Department of Electrical Engineering, Indian Institute of Technology - Delhi, New Delhi, India.
Department of Electrical Engineering and Bharti School of Telecommunication, Indian Institute of Technology - Delhi, New Delhi, India.
Sci Rep. 2022 Jul 4;12(1):11240. doi: 10.1038/s41598-022-14500-7.
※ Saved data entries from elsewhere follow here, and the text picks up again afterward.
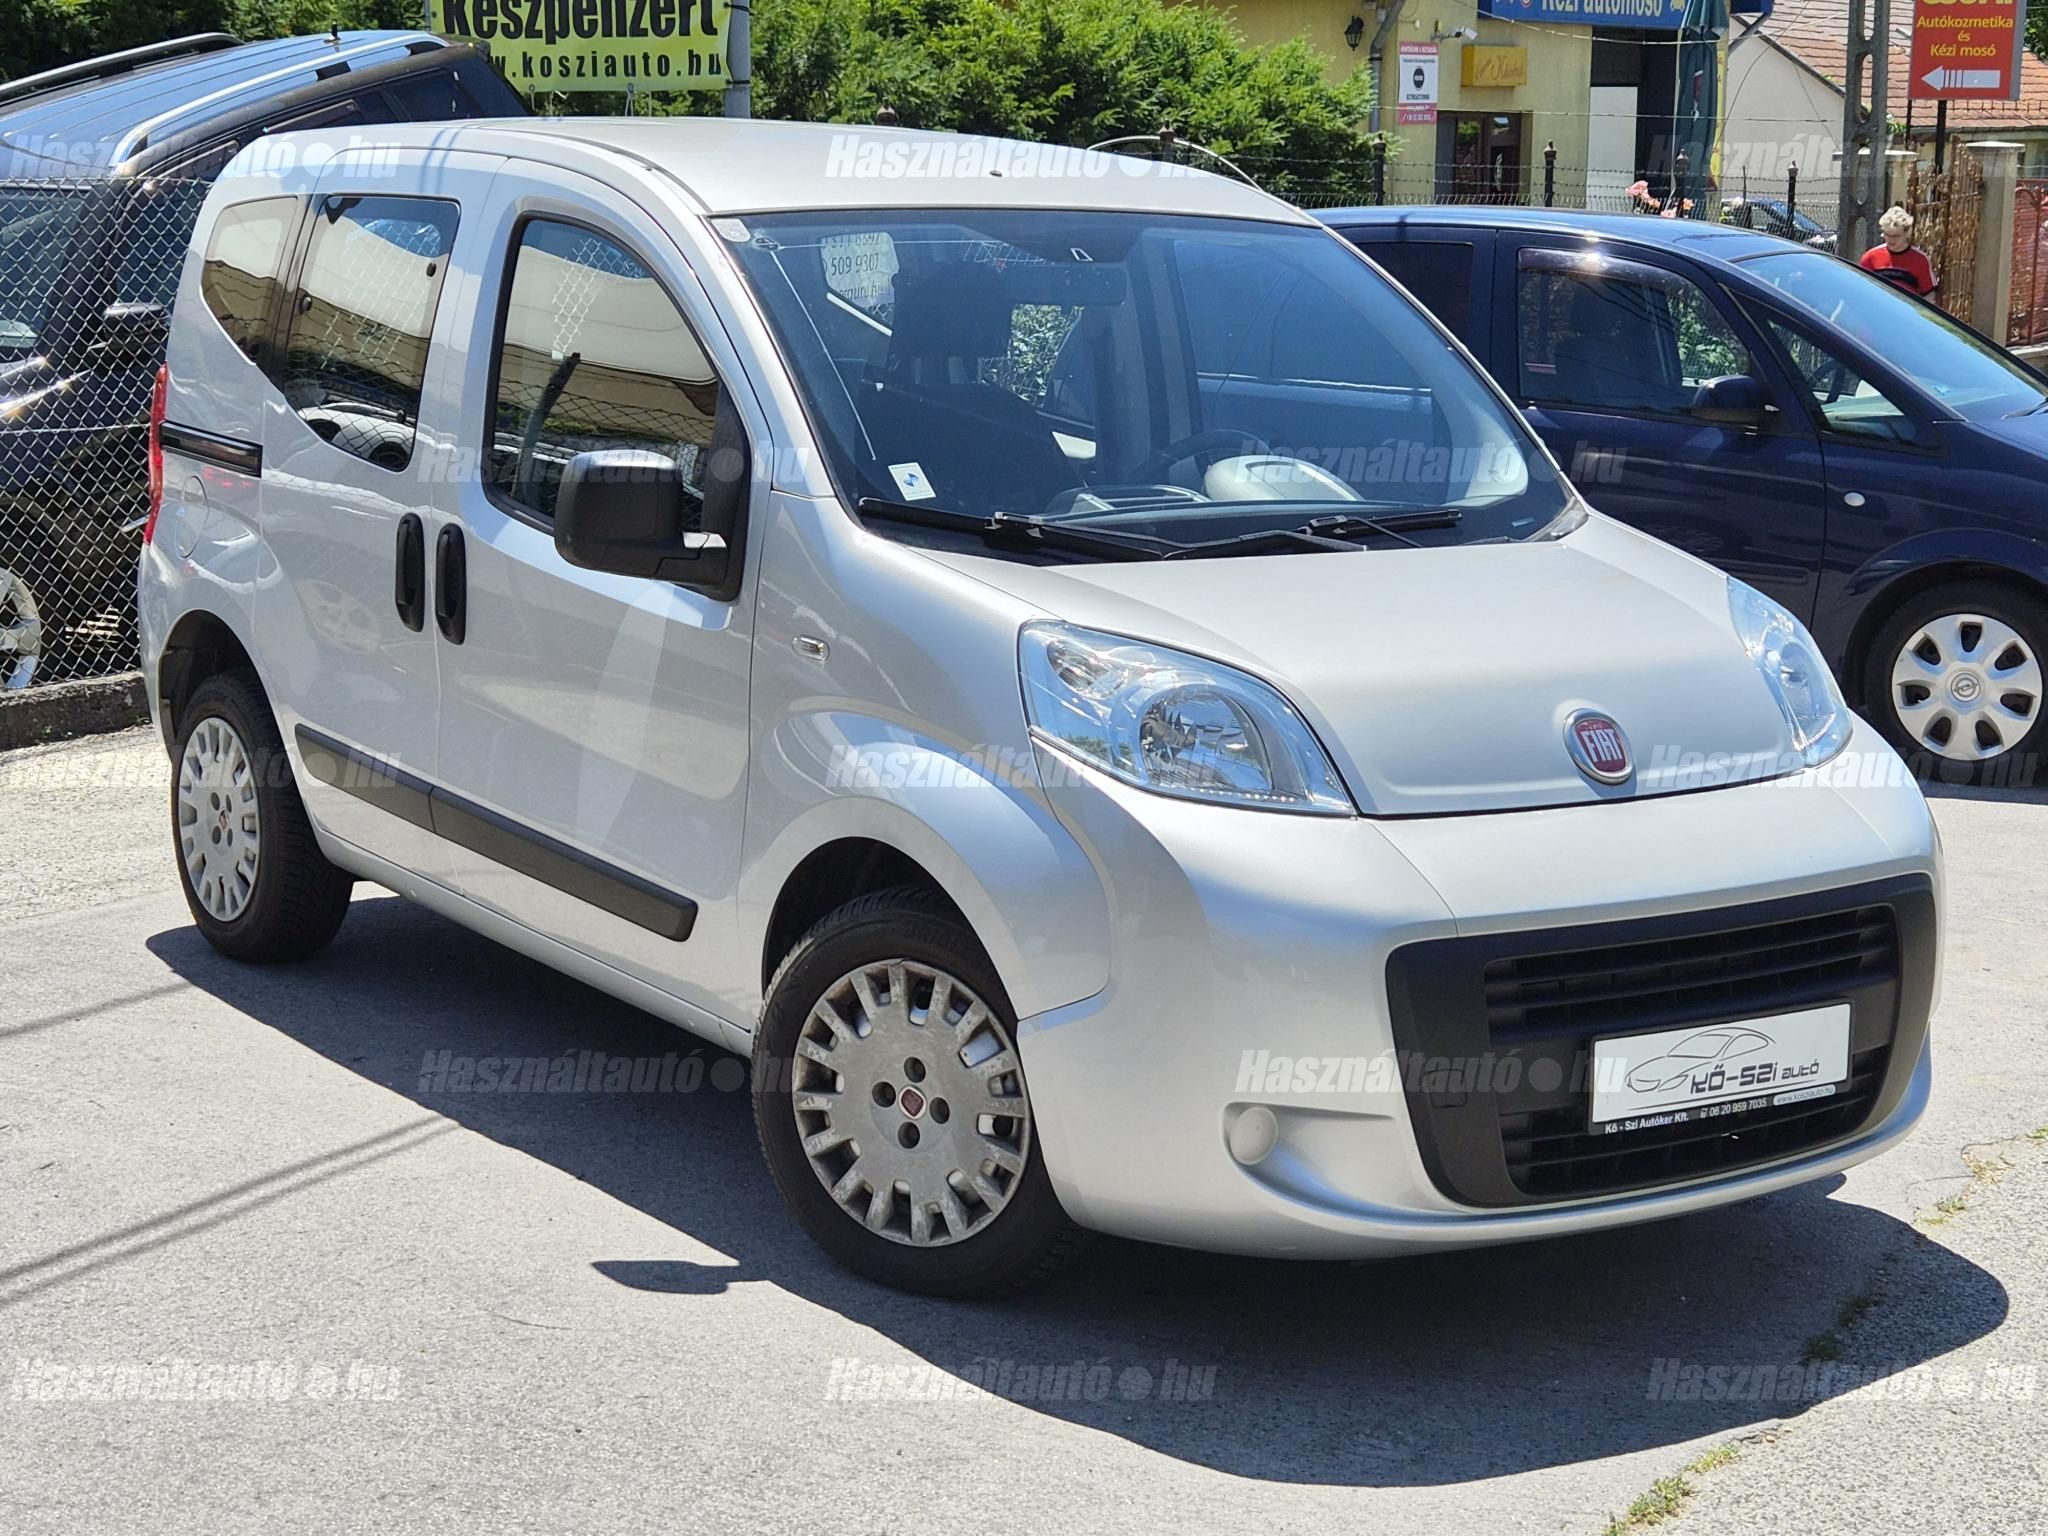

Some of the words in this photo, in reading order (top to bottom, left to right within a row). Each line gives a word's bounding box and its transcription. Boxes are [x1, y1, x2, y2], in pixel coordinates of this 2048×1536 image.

[1916, 16, 2014, 28] Autókozmetika
[1957, 30, 1971, 42] és
[1930, 44, 1957, 57] Kézi
[1960, 43, 1997, 57] mosó
[831, 255, 852, 276] 509
[855, 253, 880, 273] 9307
[1580, 728, 1623, 762] FIAT
[1639, 1114, 1673, 1128] Autóker
Brain Source Localization (BSL) using Electroencephalogram (EEG) has been a useful noninvasive modality for the diagnosis of epileptogenic zones, study of evoked related potentials, and brain disorders. The inverse solution of BSL is limited by high computational cost and localization error. The performance is additionally limited by head shape assumption and the corresponding harmonics basis function. In this work, an anatomical harmonics basis (Spherical Harmonics (SH), and more particularly Head Harmonics (H)) based BSL is presented. The spatio-temporal four shell head model is formulated in SH and H domain. The anatomical harmonics domain formulation leads to dimensionality reduction and increased contribution of source eigenvalues, resulting in decreased computation and increased accuracy respectively. The performance of spatial subspace based Multiple Signal Classification (MUSIC) and Recursively Applied and Projected (RAP)-MUSIC method is compared with the proposed SH and H counterparts on simulated data. SH and H domain processing effectively resolves the problem of high computational cost without sacrificing the inverse source localization accuracy. The proposed H MUSIC was additionally validated for epileptogenic zone localization on clinical EEG data. The proposed framework offers an effective solution to clinicians in automated and time efficient seizure localization.
脑源定位(BSL)使用脑电图(EEG)一直是诊断致痫区、诱发相关电位研究和脑部疾病的一种有用的非侵入性方式。BSL 的逆解受到计算成本高和定位误差的限制。性能还受到头形假设和相应的调和基函数的限制。在这项工作中,提出了一种基于解剖调和基(球调和(SH),特别是头调和(H))的 BSL。时空四壳头模型在 SH 和 H 域中进行公式化。解剖调和域公式化导致维度降低和源特征值的贡献增加,分别导致计算减少和准确性增加。在模拟数据上,将基于空间子空间的多信号分类(MUSIC)和递归应用和投影(RAP)-MUSIC 方法的性能与提出的 SH 和 H 对应方法进行了比较。SH 和 H 域处理有效地解决了计算成本高的问题,而不会牺牲逆源定位精度。还针对临床 EEG 数据上的致痫区定位验证了 H-MUSIC 的有效性。该框架为临床医生提供了一种自动、高效的癫痫定位解决方案。